__Exercise materials__.
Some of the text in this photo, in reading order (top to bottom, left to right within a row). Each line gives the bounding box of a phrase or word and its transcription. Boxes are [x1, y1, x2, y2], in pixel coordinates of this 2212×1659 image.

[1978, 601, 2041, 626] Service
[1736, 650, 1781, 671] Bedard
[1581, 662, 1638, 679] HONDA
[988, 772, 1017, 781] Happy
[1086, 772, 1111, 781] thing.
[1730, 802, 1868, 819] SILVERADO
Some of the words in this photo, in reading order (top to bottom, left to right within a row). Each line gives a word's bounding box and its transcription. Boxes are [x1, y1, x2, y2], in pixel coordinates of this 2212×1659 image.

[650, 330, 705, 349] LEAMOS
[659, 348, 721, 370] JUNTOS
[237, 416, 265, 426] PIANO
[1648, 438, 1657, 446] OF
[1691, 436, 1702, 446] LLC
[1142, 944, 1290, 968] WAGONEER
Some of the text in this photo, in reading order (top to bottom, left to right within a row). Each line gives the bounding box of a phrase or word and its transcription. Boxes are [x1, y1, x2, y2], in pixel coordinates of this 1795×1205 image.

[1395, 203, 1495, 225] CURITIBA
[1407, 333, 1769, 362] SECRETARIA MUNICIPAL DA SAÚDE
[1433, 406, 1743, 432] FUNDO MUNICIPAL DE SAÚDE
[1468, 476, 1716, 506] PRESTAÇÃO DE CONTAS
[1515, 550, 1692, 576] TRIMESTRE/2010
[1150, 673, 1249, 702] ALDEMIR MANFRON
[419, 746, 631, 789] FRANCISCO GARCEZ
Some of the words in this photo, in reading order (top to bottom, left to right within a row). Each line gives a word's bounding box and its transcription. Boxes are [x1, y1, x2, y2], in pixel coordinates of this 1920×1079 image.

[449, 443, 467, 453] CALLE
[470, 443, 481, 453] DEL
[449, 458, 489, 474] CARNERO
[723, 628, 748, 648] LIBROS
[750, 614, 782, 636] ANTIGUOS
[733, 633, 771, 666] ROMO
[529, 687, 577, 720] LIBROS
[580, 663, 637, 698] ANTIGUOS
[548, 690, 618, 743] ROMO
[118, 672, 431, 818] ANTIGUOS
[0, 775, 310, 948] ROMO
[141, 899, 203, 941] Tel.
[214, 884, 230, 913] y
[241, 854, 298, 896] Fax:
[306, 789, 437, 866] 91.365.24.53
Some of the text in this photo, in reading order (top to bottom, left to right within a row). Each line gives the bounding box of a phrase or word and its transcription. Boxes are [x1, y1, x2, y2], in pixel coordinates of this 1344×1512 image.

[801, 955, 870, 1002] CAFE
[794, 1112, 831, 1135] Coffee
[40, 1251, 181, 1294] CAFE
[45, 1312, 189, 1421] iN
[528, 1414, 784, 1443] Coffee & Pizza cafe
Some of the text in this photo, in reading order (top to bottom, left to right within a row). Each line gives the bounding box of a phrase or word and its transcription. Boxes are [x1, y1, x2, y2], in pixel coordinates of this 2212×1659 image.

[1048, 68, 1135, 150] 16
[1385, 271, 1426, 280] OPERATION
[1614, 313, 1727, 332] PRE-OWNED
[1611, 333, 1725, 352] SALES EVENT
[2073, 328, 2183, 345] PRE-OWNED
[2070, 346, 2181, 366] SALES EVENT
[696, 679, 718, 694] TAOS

__Work required__. Nothing should be dropped. Retype each line above as it is.

__Reply to the task__.
Some of the text in this photo, in reading order (top to bottom, left to right within a row). Each line gives the bounding box of a phrase or word and its transcription. Boxes are [x1, y1, x2, y2], in pixel coordinates of this 2212×1659 image.

[1978, 601, 2041, 626] Service
[1736, 650, 1781, 671] Bedard
[1581, 662, 1638, 679] HONDA
[988, 772, 1017, 781] Happy
[1086, 772, 1111, 781] thing.
[1730, 802, 1868, 819] SILVERADO
Some of the words in this photo, in reading order (top to bottom, left to right within a row). Each line gives a word's bounding box and its transcription. Boxes are [x1, y1, x2, y2], in pixel coordinates of this 2212×1659 image.

[650, 330, 705, 349] LEAMOS
[659, 348, 721, 370] JUNTOS
[237, 416, 265, 426] PIANO
[1648, 438, 1657, 446] OF
[1691, 436, 1702, 446] LLC
[1142, 944, 1290, 968] WAGONEER
Some of the text in this photo, in reading order (top to bottom, left to right within a row). Each line gives the bounding box of a phrase or word and its transcription. Boxes are [x1, y1, x2, y2], in pixel coordinates of this 1795×1205 image.

[1395, 203, 1495, 225] CURITIBA
[1407, 333, 1769, 362] SECRETARIA MUNICIPAL DA SAÚDE
[1433, 406, 1743, 432] FUNDO MUNICIPAL DE SAÚDE
[1468, 476, 1716, 506] PRESTAÇÃO DE CONTAS
[1515, 550, 1692, 576] TRIMESTRE/2010
[1150, 673, 1249, 702] ALDEMIR MANFRON
[419, 746, 631, 789] FRANCISCO GARCEZ
Some of the words in this photo, in reading order (top to bottom, left to right within a row). Each line gives a word's bounding box and its transcription. Boxes are [x1, y1, x2, y2], in pixel coordinates of this 1920×1079 image.

[449, 443, 467, 453] CALLE
[470, 443, 481, 453] DEL
[449, 458, 489, 474] CARNERO
[723, 628, 748, 648] LIBROS
[750, 614, 782, 636] ANTIGUOS
[733, 633, 771, 666] ROMO
[529, 687, 577, 720] LIBROS
[580, 663, 637, 698] ANTIGUOS
[548, 690, 618, 743] ROMO
[118, 672, 431, 818] ANTIGUOS
[0, 775, 310, 948] ROMO
[141, 899, 203, 941] Tel.
[214, 884, 230, 913] y
[241, 854, 298, 896] Fax:
[306, 789, 437, 866] 91.365.24.53
Some of the text in this photo, in reading order (top to bottom, left to right within a row). Each line gives the bounding box of a phrase or word and its transcription. Boxes are [x1, y1, x2, y2], in pixel coordinates of this 1344×1512 image.

[801, 955, 870, 1002] CAFE
[794, 1112, 831, 1135] Coffee
[40, 1251, 181, 1294] CAFE
[45, 1312, 189, 1421] iN
[528, 1414, 784, 1443] Coffee & Pizza cafe
Some of the text in this photo, in reading order (top to bottom, left to right within a row). Each line gives the bounding box of a phrase or word and its transcription. Boxes are [x1, y1, x2, y2], in pixel coordinates of this 2212×1659 image.

[1048, 68, 1135, 150] 16
[1385, 271, 1426, 280] OPERATION
[1614, 313, 1727, 332] PRE-OWNED
[1611, 333, 1725, 352] SALES EVENT
[2073, 328, 2183, 345] PRE-OWNED
[2070, 346, 2181, 366] SALES EVENT
[696, 679, 718, 694] TAOS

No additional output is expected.